A challenge for any simulation of sea level change from ISMs is obtaining an accurate initial state. Two distinct methods were traditionally used for stand-alone ISMs, spin-ups and data assimilation (Nowicki et al., 2013), but we are now seeing approaches that combine these two methods (Goelzer et al., 2018). Spin-up methods that permit ISMs to be in equilibrium with climatic forcing or to retain some transient memory of previous climatic changes are currently available for the Greenland and the Antarctic Ice Sheets. However, spin-ups often result in an ice sheet geometry that differs from that of the present day (Nowicki et al., 2013; Goelzer et al., 2018). Data assimilation in most ISMs relies on assimilating snapshots of observations and assumes a steady state for the present-day ice sheet. A path forward for obtaining a time-evolving state would be to combine existing observational time series into a reanalysis, similar to what is being done in physical oceanography to provide the best possible ocean state estimates (Menemenlis et al., 2008). A few studies have been performed by assimilating time series of observations (Goldberg and Heimbach, 2013; Larour et al., 2014). They show that forecasting is much improved when models are initialized not with a snapshot of observations but with longer time series. Many ISMs are working toward this goal, and we can expect to see a lot of progress along this line over the coming decade. Another emerging area of research is how to best initialize ISMs within fully coupled Earth system models (Nowicki et al., 2016; Fyke et al., 2018).
CONCLUSIONS
The collection of annual to weekly observations of ice sheet surface velocity, surface elevation, and mass change (Mouginot et al., 2014; Mililo et al., 2017; Csatho et al., 2014) marks the start of a new era for ice flow modeling. We recently switched from a no-data world to one with an abundance of observations, but modelers are challenged when these observations do not agree, as illustrated by the IMBIE efforts and the need to reconcile observations of ice sheet mass change. We are also reaching an era when ISMs can provide insight on observations (type, scope, location, and resolution) that are most needed for improving projections. An example is the sparsity of bedrock topography data under ice streams (in particular, in the vicinity of grounding lines) and beneath ice shelves. There is an urgent need for observation-based scientists and modelers to increase their collaborations in order to fully understand the drivers of observed changes over the polar regions and to analyze which processes, interactions, and feedback are crucial and which ones can be ignored in models.

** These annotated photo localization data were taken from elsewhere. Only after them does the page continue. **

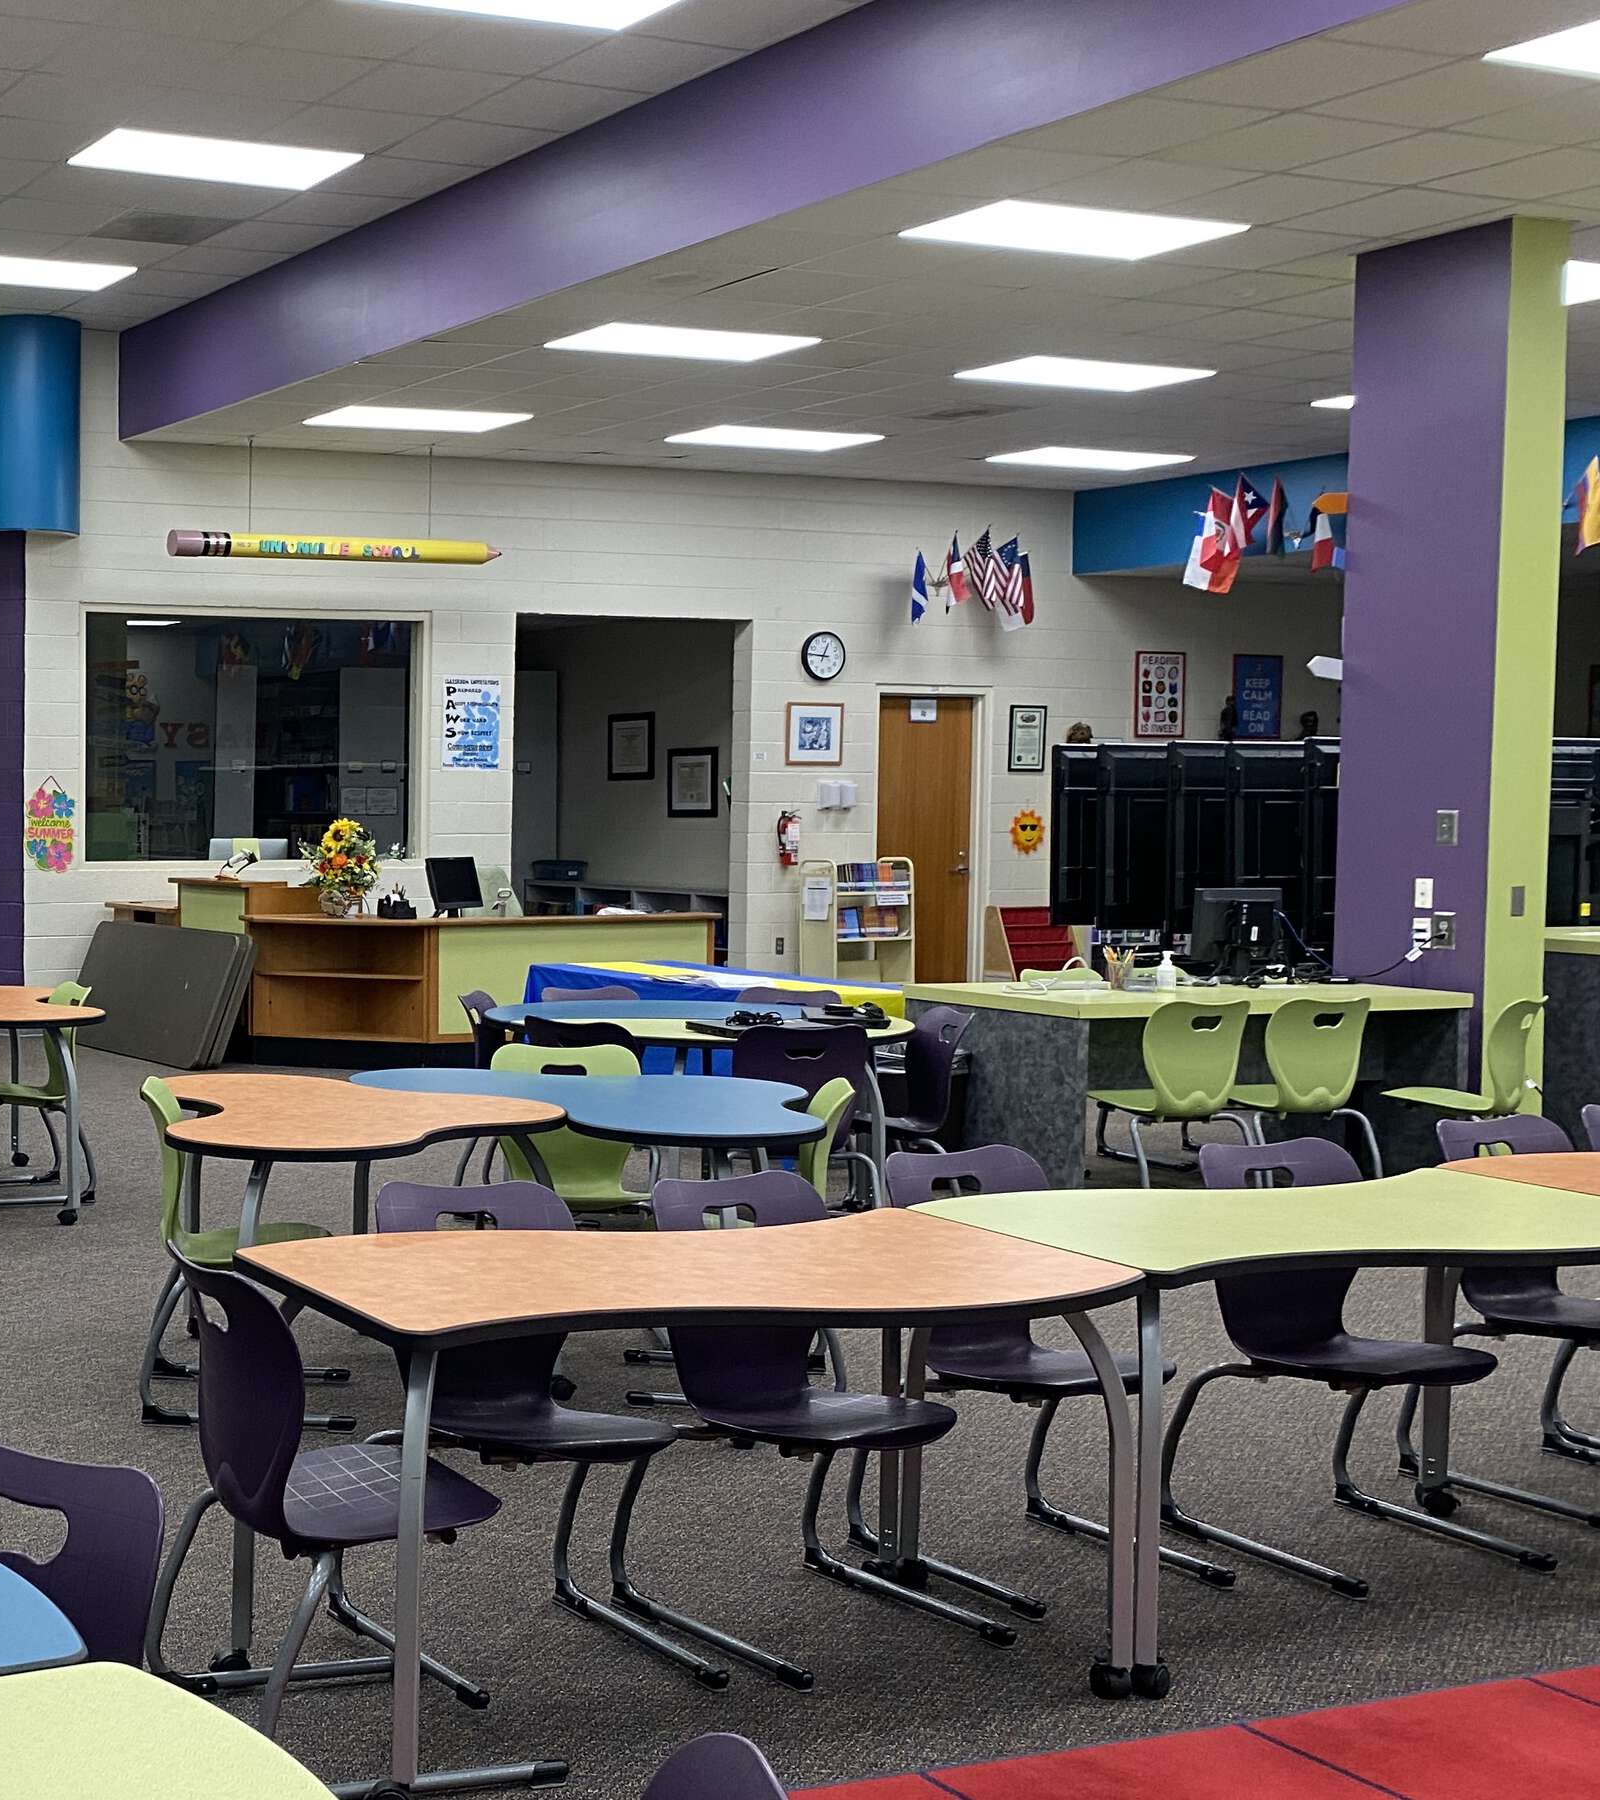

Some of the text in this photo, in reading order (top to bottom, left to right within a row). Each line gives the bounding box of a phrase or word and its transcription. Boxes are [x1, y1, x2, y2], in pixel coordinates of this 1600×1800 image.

[259, 539, 420, 560] UNIONVILLE SCHOOL
[1142, 655, 1180, 665] READING
[1244, 678, 1270, 688] KEEP
[1242, 690, 1272, 700] CALM
[1242, 710, 1270, 721] READ
[1141, 723, 1178, 733] IS SWEET
[1248, 722, 1265, 733] ON
[30, 818, 71, 828] welcome
[28, 827, 74, 839] SUMMER

What can be expected in terms of projections of future sea level? Considering the rapid ISM developments that have occurred over the last decades, a major challenge is obtaining realistic atmospheric and oceanic forcing for ice sheets. Thus, there is an urgent need for improved polar climate representation from Earth system models, which is also necessary for the coupling of ice sheet-climate models. The inclusion of ISMs in Earth system models has resulted in a focus on improving the SMB generated by these models and a better understanding of ice-atmosphere interactions. Modeling ice-ocean interactions and coupling ISMs to ocean models remain extremely challenging, in part due to the difficulties in collecting observations beneath the ice shelves, our poor knowledge of the bathymetry beneath ice shelf cavities, and the numerical challenge of creating ocean models that have the capability to adjust their domains as the ice sheet evolves. Reducing uncertainties in sea level contributions from ice sheets is therefore becoming a problem that is no longer simply an ice sheet modeling problem.